La chambre de M. le juge d’instruction est la plus vaste. Elle se trouve malheureusement juste au-dessus du magasin, et les tapis, la tenture, la muraille même sont imprégnés de cette odeur rance et miellée, indéfinissable, écœurante, des épiceries de campagne. De plus – car ces demoiselles débitent aussi du genièvre en cachette – dès cinq heures du matin, la porte bat sans cesse. Puis tombent brusquement, de l’église toute proche, les rafales de l’Angélus. Quand le dernier coup finit de rouler à travers la vallée son tonnerre, le ciel tremble encore et met longtemps à s’apaiser.

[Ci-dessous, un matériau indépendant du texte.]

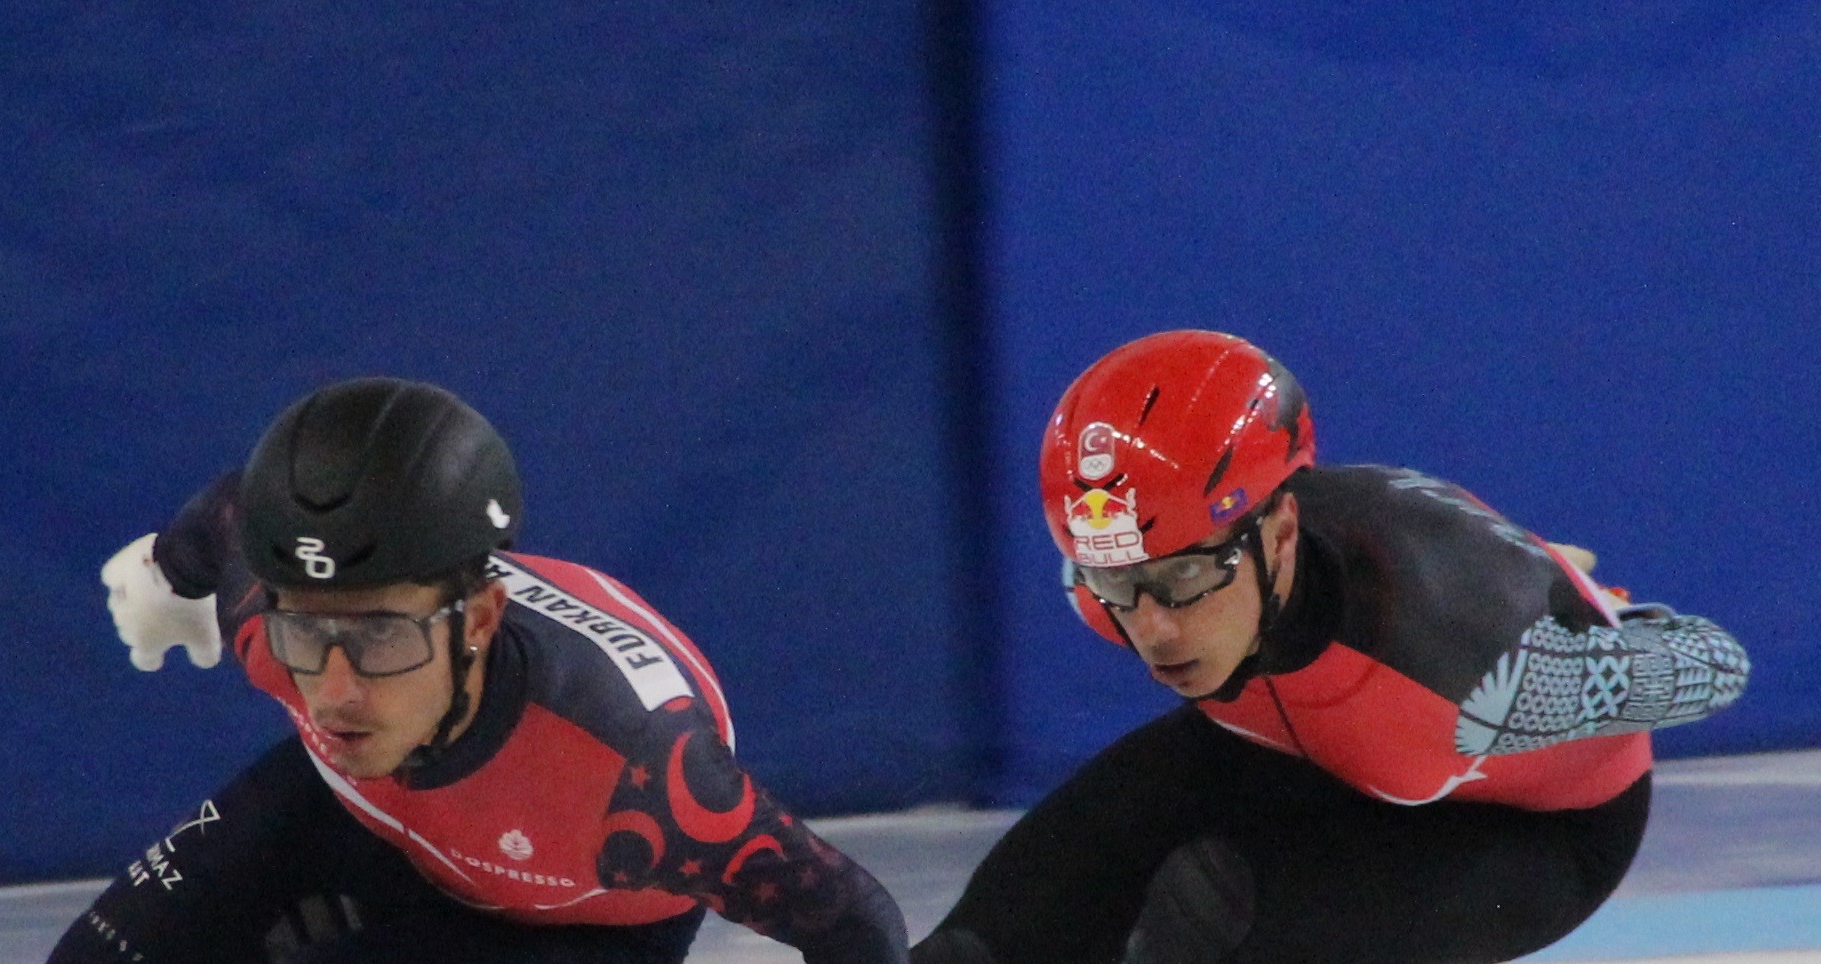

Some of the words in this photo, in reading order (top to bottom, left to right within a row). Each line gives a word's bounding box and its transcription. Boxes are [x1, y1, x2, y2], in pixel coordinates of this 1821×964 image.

[1076, 531, 1140, 551] RED
[1078, 549, 1147, 565] BULL
[513, 584, 665, 670] FURKAN

Néanmoins M. le juge s’attarde un peu ce matin sous l’édredon d’andrinople dont le discret parfum lui rappelle son enfance. Il a plu toute la nuit et l’eau fume encore au flanc de toutes les pentes, pompée par le soleil. La journée qui commence sera belle. Celle d’hier compte parmi les plus lugubres de sa vie. La mauvaise volonté du procureur complique à plaisir les choses les plus simples et l’enquête à peine commencée ressemble à un feu qui va s’éteindre. Elle s’étouffe, comme disent les policiers dans leur jargon. Sans doute le moindre petit fait heureux lui donnerait de l’air, on la verrait flamber de nouveau… Mais rien. Il ne se passe rien. Le village lui-même, un moment tiré de sa torpeur, se rendort. Pour tous, le crime a été commis par un vagabond, un étranger, qui a joué sa chance, un contre dix, et a gagné par miracle, du premier coup. Personne ne se sent sous le coup d’une inculpation possible, l’affaire semble déjà classée. Si seulement…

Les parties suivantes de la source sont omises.